**Problem:** Apart from the pictures, the listing is to be returned exactly.

------------------------------------------------------------------------

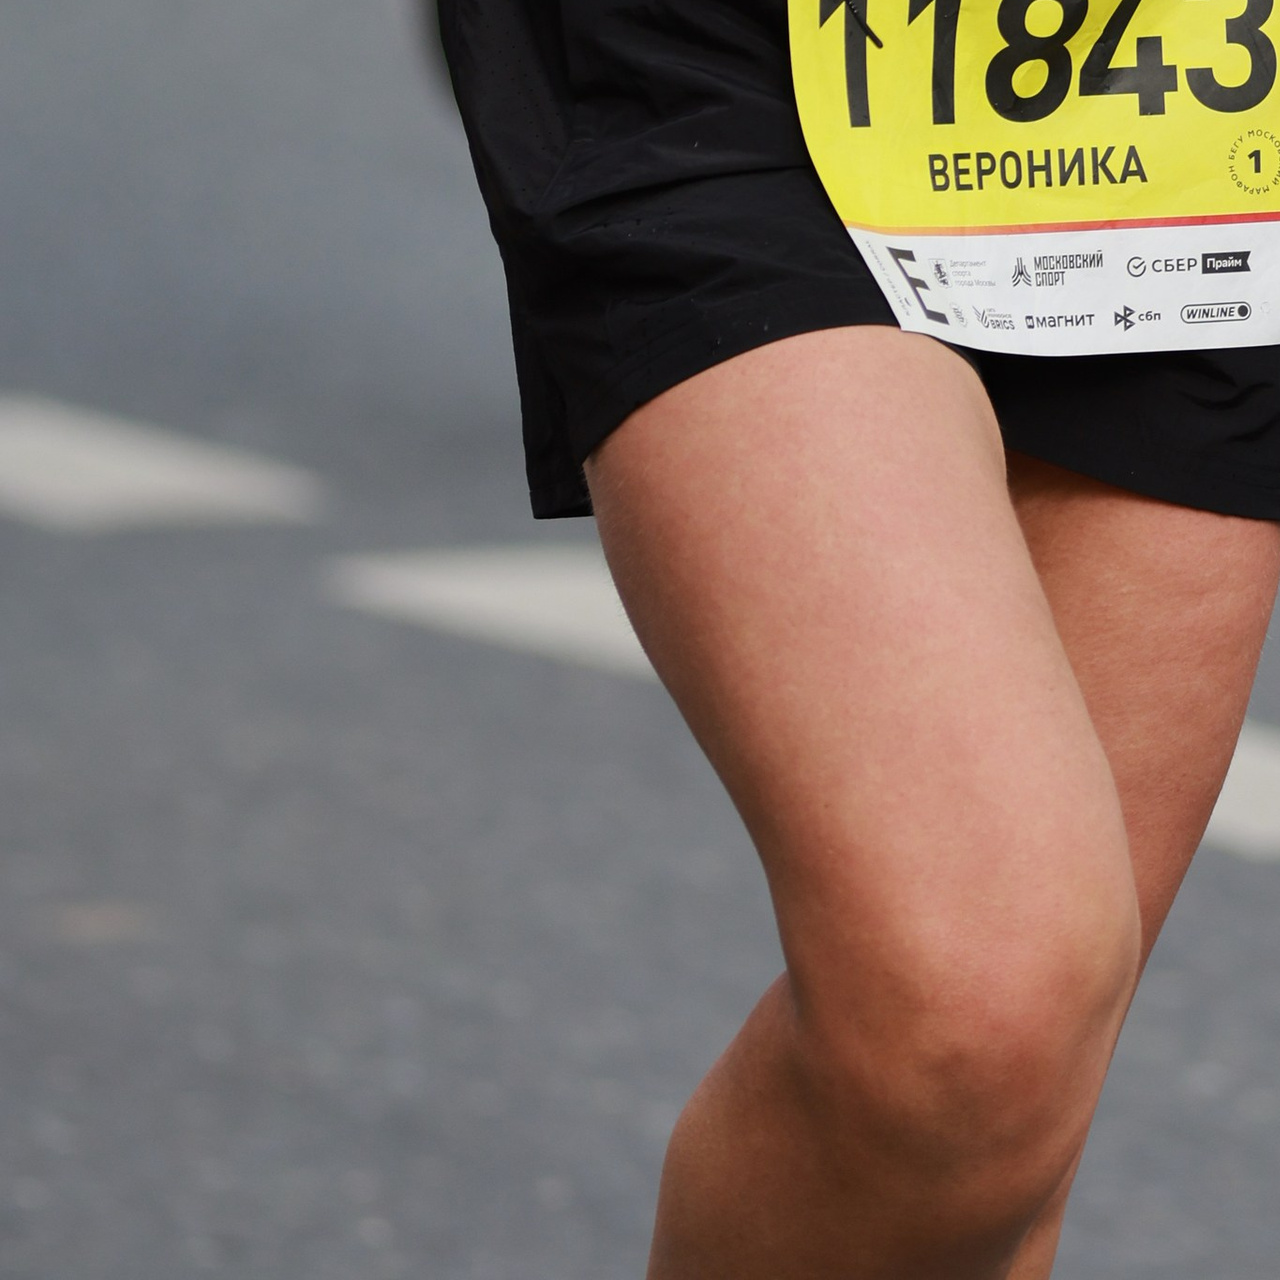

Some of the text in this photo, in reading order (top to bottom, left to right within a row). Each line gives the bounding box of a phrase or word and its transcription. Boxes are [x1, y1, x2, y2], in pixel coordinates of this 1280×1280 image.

[928, 145, 1148, 192] ВЕРОНИКА
[1248, 149, 1261, 173] 1
[1034, 249, 1103, 271] МОСКОВСКИЙ
[1152, 257, 1242, 272] СБЕР Прайм
[1035, 271, 1065, 287] СПОРТ
[1138, 311, 1161, 322] сбп
[1186, 306, 1236, 320] WINLINE
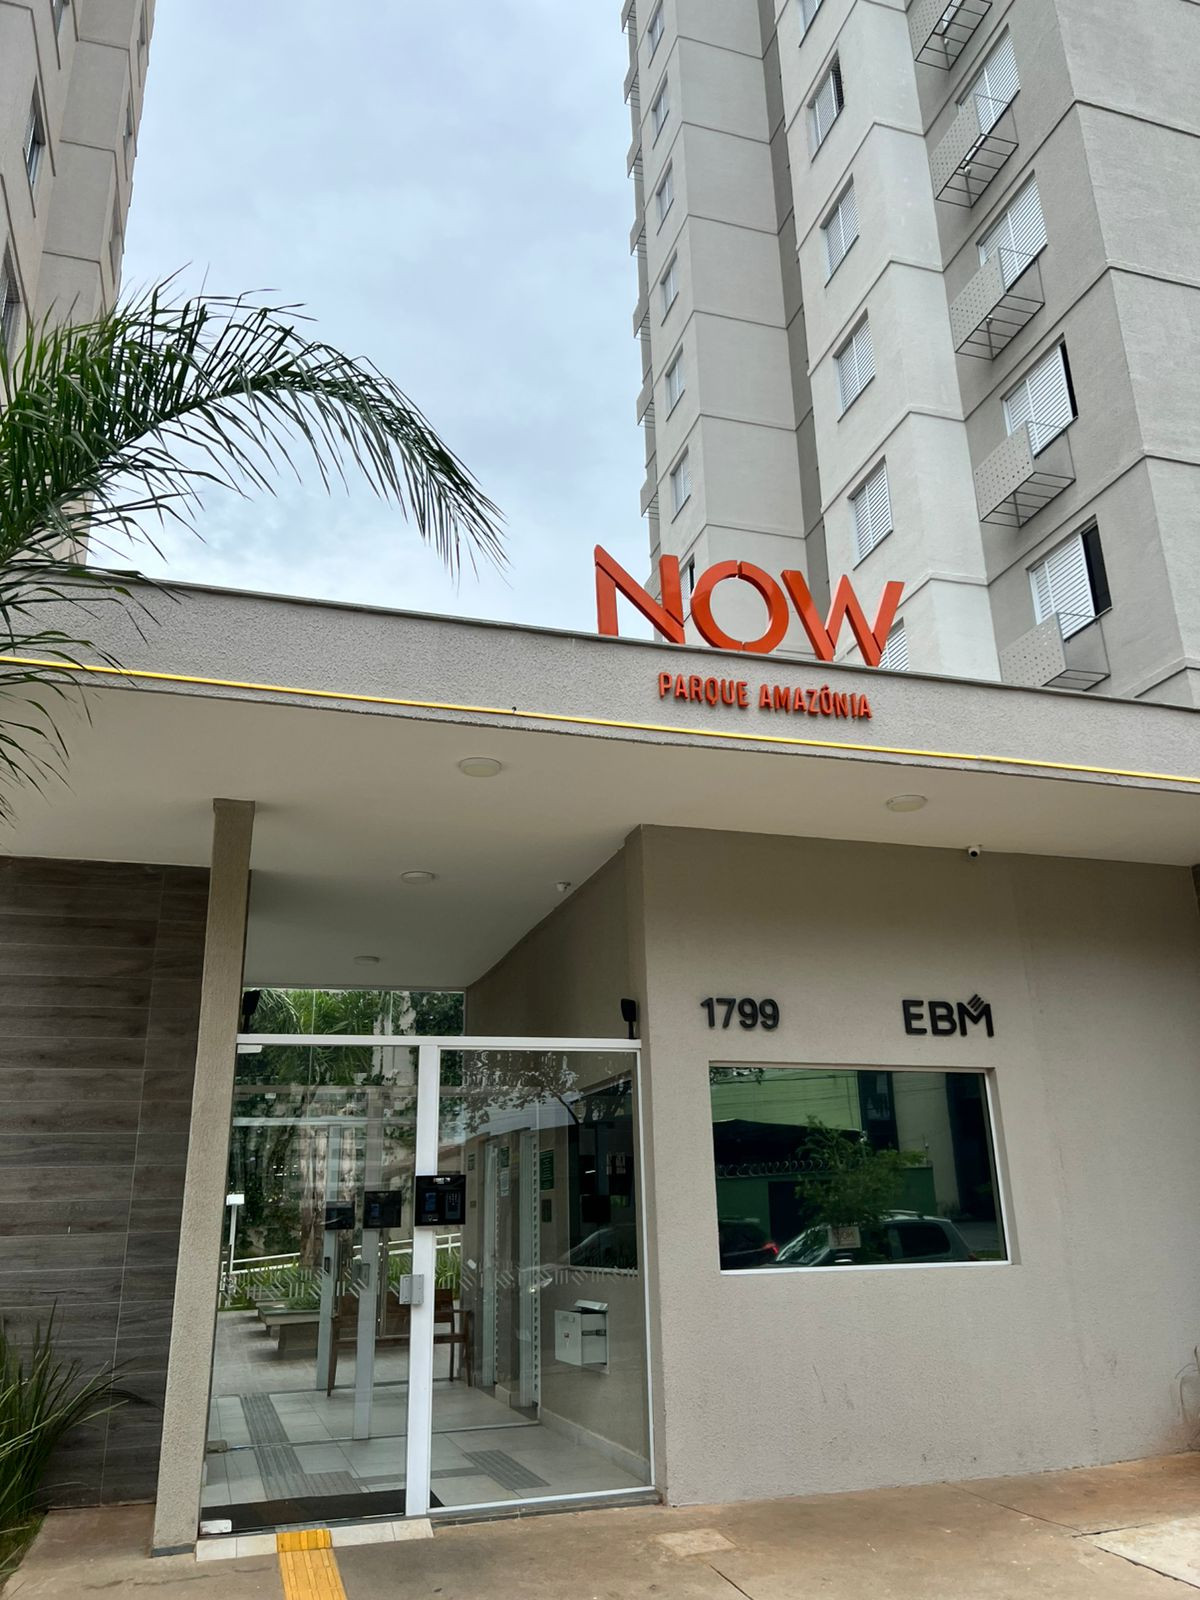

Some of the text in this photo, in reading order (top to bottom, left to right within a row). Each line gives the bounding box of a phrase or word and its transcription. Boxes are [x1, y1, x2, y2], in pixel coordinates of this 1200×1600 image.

[593, 544, 905, 667] NOW
[658, 672, 873, 720] PARQUE AMAZÔNIA
[700, 997, 780, 1030] 1799
[902, 994, 994, 1037] EBM
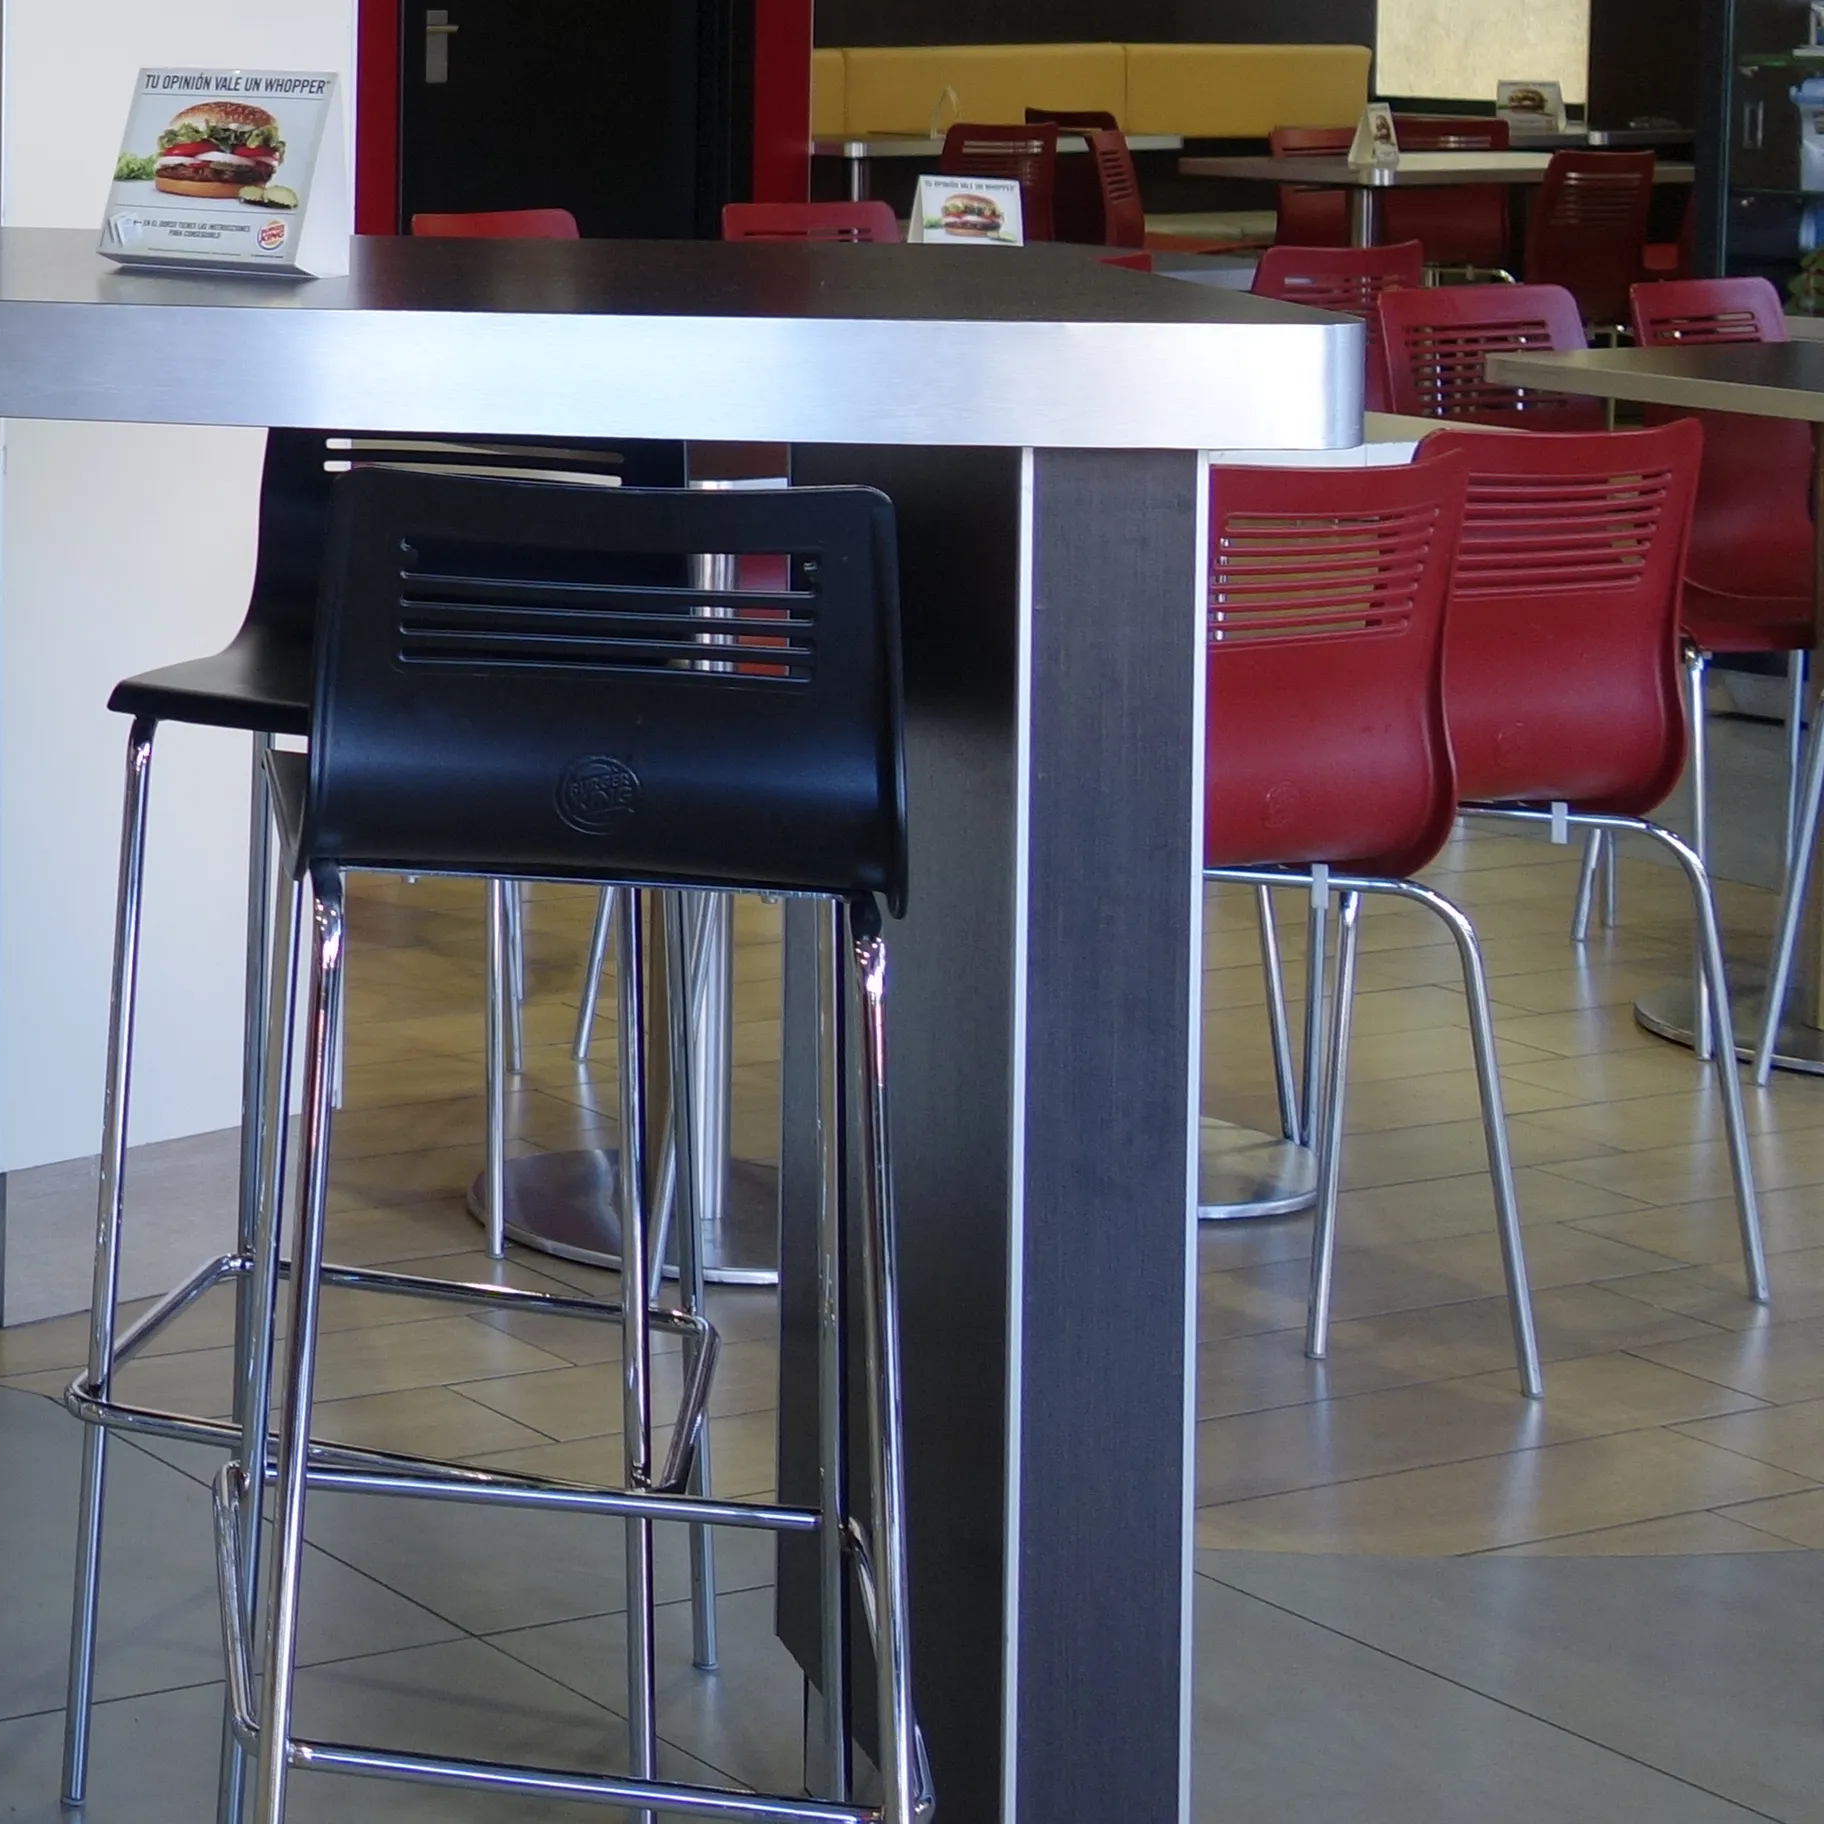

------------------------------------------------------------------------

**Reply:**
Some of the text in this photo, in reading order (top to bottom, left to right within a row). Each line gives the bounding box of a phrase or word and its transcription. Boxes are [x1, y1, x2, y2], in pixel coordinates of this 1280×1280 image.

[928, 145, 1148, 192] ВЕРОНИКА
[1248, 149, 1261, 173] 1
[1034, 249, 1103, 271] МОСКОВСКИЙ
[1152, 257, 1242, 272] СБЕР Прайм
[1035, 271, 1065, 287] СПОРТ
[1138, 311, 1161, 322] сбп
[1186, 306, 1236, 320] WINLINE

Some of the text in this photo, in reading order (top to bottom, left to right within a row). Each line gives the bounding box of a phrase or word and its transcription. Boxes are [x1, y1, x2, y2], in pixel coordinates of this 1200×1600 image.

[593, 544, 905, 667] NOW
[658, 672, 873, 720] PARQUE AMAZÔNIA
[700, 997, 780, 1030] 1799
[902, 994, 994, 1037] EBM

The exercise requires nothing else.